GIVEN DATA:

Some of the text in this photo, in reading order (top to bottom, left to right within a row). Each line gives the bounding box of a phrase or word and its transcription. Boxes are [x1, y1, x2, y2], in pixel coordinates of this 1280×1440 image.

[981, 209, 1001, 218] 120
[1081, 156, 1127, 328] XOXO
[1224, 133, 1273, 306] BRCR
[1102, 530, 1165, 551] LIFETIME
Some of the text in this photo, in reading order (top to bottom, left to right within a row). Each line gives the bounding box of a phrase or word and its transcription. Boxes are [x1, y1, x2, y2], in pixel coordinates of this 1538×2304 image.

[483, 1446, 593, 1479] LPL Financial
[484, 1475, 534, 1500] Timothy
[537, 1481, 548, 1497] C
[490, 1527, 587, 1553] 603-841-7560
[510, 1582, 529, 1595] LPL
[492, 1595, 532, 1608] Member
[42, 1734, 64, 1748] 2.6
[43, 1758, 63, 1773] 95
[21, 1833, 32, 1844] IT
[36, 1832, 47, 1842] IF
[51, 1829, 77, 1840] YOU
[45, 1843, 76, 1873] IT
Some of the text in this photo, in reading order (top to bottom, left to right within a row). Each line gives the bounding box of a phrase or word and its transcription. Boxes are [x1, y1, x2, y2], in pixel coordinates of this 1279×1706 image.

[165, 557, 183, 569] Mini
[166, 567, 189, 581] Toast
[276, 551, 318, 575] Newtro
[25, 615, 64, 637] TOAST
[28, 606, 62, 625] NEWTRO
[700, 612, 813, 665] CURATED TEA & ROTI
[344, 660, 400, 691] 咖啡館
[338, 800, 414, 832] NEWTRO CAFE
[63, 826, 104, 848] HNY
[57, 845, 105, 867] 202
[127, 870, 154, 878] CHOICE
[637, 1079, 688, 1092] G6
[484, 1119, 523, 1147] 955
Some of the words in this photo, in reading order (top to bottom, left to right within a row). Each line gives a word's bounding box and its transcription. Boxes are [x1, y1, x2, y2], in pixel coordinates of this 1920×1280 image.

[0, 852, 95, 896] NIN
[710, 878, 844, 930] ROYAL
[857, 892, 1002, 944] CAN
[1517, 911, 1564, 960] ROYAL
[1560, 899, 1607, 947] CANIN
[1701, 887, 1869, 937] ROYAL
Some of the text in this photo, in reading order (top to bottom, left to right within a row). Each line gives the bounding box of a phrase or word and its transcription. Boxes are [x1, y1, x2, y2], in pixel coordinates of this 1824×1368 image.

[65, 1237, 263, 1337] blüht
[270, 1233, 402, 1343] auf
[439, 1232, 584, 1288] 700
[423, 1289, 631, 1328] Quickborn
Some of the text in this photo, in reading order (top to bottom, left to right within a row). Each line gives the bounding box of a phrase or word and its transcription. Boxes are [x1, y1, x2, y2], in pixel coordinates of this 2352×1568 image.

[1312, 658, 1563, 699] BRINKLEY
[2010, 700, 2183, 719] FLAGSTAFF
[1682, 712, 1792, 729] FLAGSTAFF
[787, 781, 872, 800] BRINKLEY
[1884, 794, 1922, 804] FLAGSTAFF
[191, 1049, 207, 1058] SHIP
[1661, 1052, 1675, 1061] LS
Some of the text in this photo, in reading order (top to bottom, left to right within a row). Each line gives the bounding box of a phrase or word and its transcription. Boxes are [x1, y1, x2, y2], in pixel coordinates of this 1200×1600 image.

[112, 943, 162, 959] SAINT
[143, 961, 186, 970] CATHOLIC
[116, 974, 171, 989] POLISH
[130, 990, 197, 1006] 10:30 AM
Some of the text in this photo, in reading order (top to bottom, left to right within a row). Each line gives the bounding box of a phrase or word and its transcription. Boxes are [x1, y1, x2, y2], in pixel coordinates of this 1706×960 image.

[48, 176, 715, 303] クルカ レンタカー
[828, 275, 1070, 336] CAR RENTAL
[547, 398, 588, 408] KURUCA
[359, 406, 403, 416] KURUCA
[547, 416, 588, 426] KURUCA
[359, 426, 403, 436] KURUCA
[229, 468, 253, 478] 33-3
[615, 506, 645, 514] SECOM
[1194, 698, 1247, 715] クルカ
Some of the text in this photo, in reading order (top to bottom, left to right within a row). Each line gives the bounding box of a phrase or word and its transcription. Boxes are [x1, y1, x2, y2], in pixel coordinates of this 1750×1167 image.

PROBLEM: The entries above need to be repeated in full, exactly as written.

SOLUTION TO THE EXERCISE:
Some of the text in this photo, in reading order (top to bottom, left to right within a row). Each line gives the bounding box of a phrase or word and its transcription. Boxes are [x1, y1, x2, y2], in pixel coordinates of this 1280×1440 image.

[981, 209, 1001, 218] 120
[1081, 156, 1127, 328] XOXO
[1224, 133, 1273, 306] BRCR
[1102, 530, 1165, 551] LIFETIME
Some of the text in this photo, in reading order (top to bottom, left to right within a row). Each line gives the bounding box of a phrase or word and its transcription. Boxes are [x1, y1, x2, y2], in pixel coordinates of this 1538×2304 image.

[483, 1446, 593, 1479] LPL Financial
[484, 1475, 534, 1500] Timothy
[537, 1481, 548, 1497] C
[490, 1527, 587, 1553] 603-841-7560
[510, 1582, 529, 1595] LPL
[492, 1595, 532, 1608] Member
[42, 1734, 64, 1748] 2.6
[43, 1758, 63, 1773] 95
[21, 1833, 32, 1844] IT
[36, 1832, 47, 1842] IF
[51, 1829, 77, 1840] YOU
[45, 1843, 76, 1873] IT
Some of the text in this photo, in reading order (top to bottom, left to right within a row). Each line gives the bounding box of a phrase or word and its transcription. Boxes are [x1, y1, x2, y2], in pixel coordinates of this 1279×1706 image.

[165, 557, 183, 569] Mini
[166, 567, 189, 581] Toast
[276, 551, 318, 575] Newtro
[25, 615, 64, 637] TOAST
[28, 606, 62, 625] NEWTRO
[700, 612, 813, 665] CURATED TEA & ROTI
[344, 660, 400, 691] 咖啡館
[338, 800, 414, 832] NEWTRO CAFE
[63, 826, 104, 848] HNY
[57, 845, 105, 867] 202
[127, 870, 154, 878] CHOICE
[637, 1079, 688, 1092] G6
[484, 1119, 523, 1147] 955
Some of the words in this photo, in reading order (top to bottom, left to right within a row). Each line gives a word's bounding box and its transcription. Boxes are [x1, y1, x2, y2], in pixel coordinates of this 1920×1280 image.

[0, 852, 95, 896] NIN
[710, 878, 844, 930] ROYAL
[857, 892, 1002, 944] CAN
[1517, 911, 1564, 960] ROYAL
[1560, 899, 1607, 947] CANIN
[1701, 887, 1869, 937] ROYAL
Some of the text in this photo, in reading order (top to bottom, left to right within a row). Each line gives the bounding box of a phrase or word and its transcription. Boxes are [x1, y1, x2, y2], in pixel coordinates of this 1824×1368 image.

[65, 1237, 263, 1337] blüht
[270, 1233, 402, 1343] auf
[439, 1232, 584, 1288] 700
[423, 1289, 631, 1328] Quickborn
Some of the text in this photo, in reading order (top to bottom, left to right within a row). Each line gives the bounding box of a phrase or word and its transcription. Boxes are [x1, y1, x2, y2], in pixel coordinates of this 2352×1568 image.

[1312, 658, 1563, 699] BRINKLEY
[2010, 700, 2183, 719] FLAGSTAFF
[1682, 712, 1792, 729] FLAGSTAFF
[787, 781, 872, 800] BRINKLEY
[1884, 794, 1922, 804] FLAGSTAFF
[191, 1049, 207, 1058] SHIP
[1661, 1052, 1675, 1061] LS
Some of the text in this photo, in reading order (top to bottom, left to right within a row). Each line gives the bounding box of a phrase or word and its transcription. Boxes are [x1, y1, x2, y2], in pixel coordinates of this 1200×1600 image.

[112, 943, 162, 959] SAINT
[143, 961, 186, 970] CATHOLIC
[116, 974, 171, 989] POLISH
[130, 990, 197, 1006] 10:30 AM
Some of the text in this photo, in reading order (top to bottom, left to right within a row). Each line gives the bounding box of a phrase or word and its transcription. Boxes are [x1, y1, x2, y2], in pixel coordinates of this 1706×960 image.

[48, 176, 715, 303] クルカ レンタカー
[828, 275, 1070, 336] CAR RENTAL
[547, 398, 588, 408] KURUCA
[359, 406, 403, 416] KURUCA
[547, 416, 588, 426] KURUCA
[359, 426, 403, 436] KURUCA
[229, 468, 253, 478] 33-3
[615, 506, 645, 514] SECOM
[1194, 698, 1247, 715] クルカ
Some of the text in this photo, in reading order (top to bottom, left to right within a row). Each line gives the bounding box of a phrase or word and its transcription. Boxes are [x1, y1, x2, y2], in pixel coordinates of this 1750×1167 image.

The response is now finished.